A linguagem áspera e a zombaria são termos morais. Raramente é ilegal (exceto talvez no universo interno dos sistemas de classificação de filmes e programas de TV) dizer algo puramente insultuoso ou grosseiro, mas isso certamente pode ser imoral. Não se trata tanto de que as próprias palavras (por exemplo, palavrões) sejam más em si mesmas enquanto emissão de sons ou sequência de letras, mas sim de que elas estão inseparavelmente ligadas ao seu contexto social.

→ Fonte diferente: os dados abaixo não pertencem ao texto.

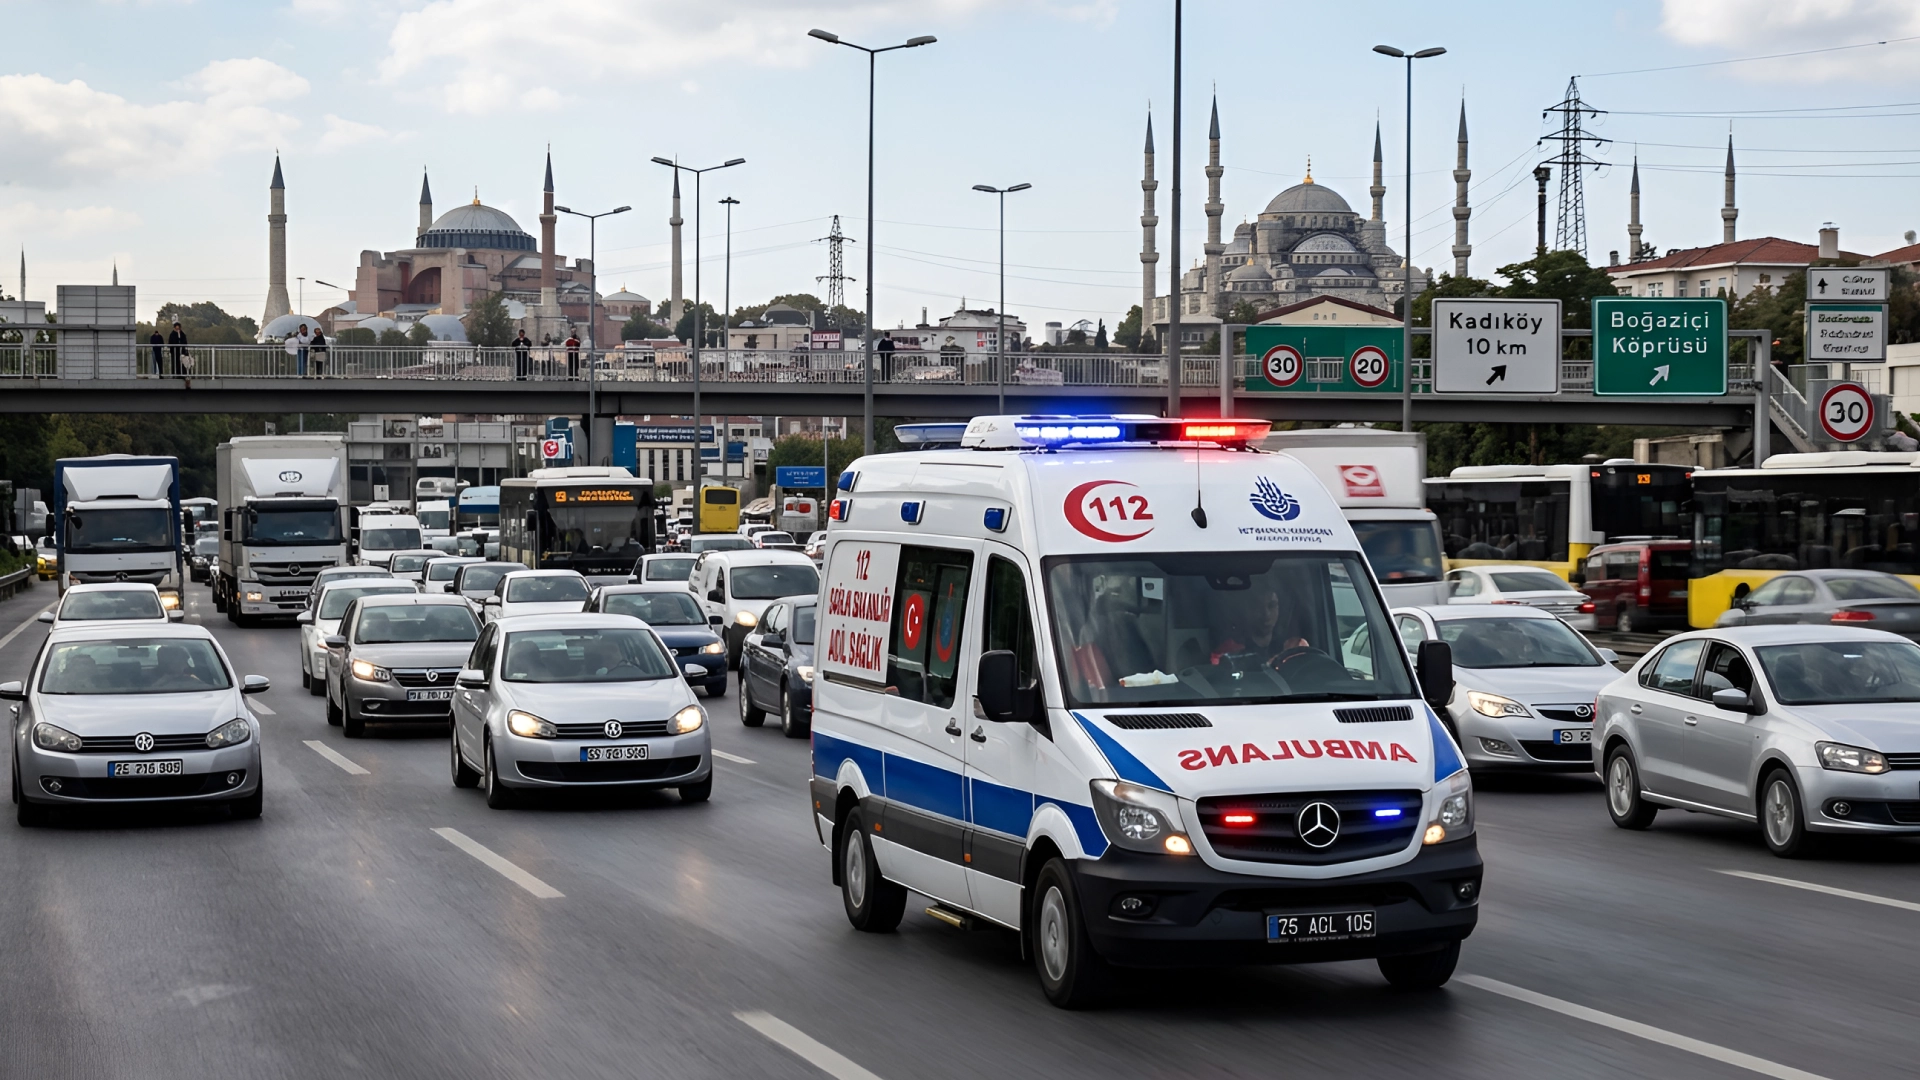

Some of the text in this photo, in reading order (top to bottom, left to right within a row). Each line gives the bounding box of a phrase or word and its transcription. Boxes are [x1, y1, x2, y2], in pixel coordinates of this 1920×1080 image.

A zombaria é o uso de linguagem áspera ou de maledicência com a intenção de ridicularizar ou envergonhar. Ela pode ser um recurso retórico eficaz para despertar sentimentos fortes sobre um assunto, e por isso pode tornar-se tentadora quando o objetivo é verdadeiro e digno — convencer as pessoas, por exemplo, a evitar algum mal. Sem dúvida, também é difícil, às vezes, distinguir entre verdadeira zombaria ou linguagem grosseira e a expressão de uma verdade que, em si mesma, é desagradável. Muitas vezes só podemos julgar verdadeiramente as nossas próprias intenções, e procurar, tanto quanto possível, regular a nossa fala segundo os padrões da caridade: quando dizemos algo duro ou desagradável, fazemos isso com o objetivo de expressar uma verdade que ilumine, edifique ou previna um dano, ou o fazemos com o propósito de humilhar ou desumanizar um adversário (ainda que esse adversário esteja promovendo algum grande mal!)?

Fofoca e a Era da Comunicação de Massa

Dos pecados listados acima, muitos se relacionam estreitamente com o termo moderno geral "fofoca". Se a fofoca se refere simplesmente a uma notícia excitante, provavelmente não se trata de matéria de pecado. Mas, se envolve contar a alguém algo sobre outra pessoa que ele não tem razão legítima para saber, é muito provável que seja pecado.

A internet criou um mundo em que as coisas raramente permanecem privadas. O que em outra época seria uma fofoca privada rapidamente se transforma em zombaria pública. Com uma praça pública maior, torna-se ainda mais fácil cair no pecado de ouvir esse tipo de fala pecaminosa e dar-lhe espaço implicitamente. A tecnologia acelerou o problema vislumbrado séculos atrás no Catecismo Romano, que advertia contra aqueles "que sentem um prazer maligno em semear discórdias".

Talvez devêssemos cunhar um novo termo para aqueles que conscientemente criam sistemas e algoritmos inteiros dedicados aos pecados da fala. Mas dar nome a esses males só pode ir até certo ponto. As virtudes da verdade e da reverência só podem desenvolver-se quando recusamos o canto de sereia do juízo temerário e do comentário instantâneo, lembrando-nos de que o propósito último da fala é, antes de tudo, o culto de Deus.

Autor: Pe. Samuel Keyes

Original em inglês: Catholic Answers


Nota:

(1) - Pe. Gregory Maria Pine, O.P. é um frade dominicano e teólogo americano. Pe. Gregary é instrutor de Teologia Dogmática e Moral na Dominican House of Studies e diretor assistente do Instituto Tomista.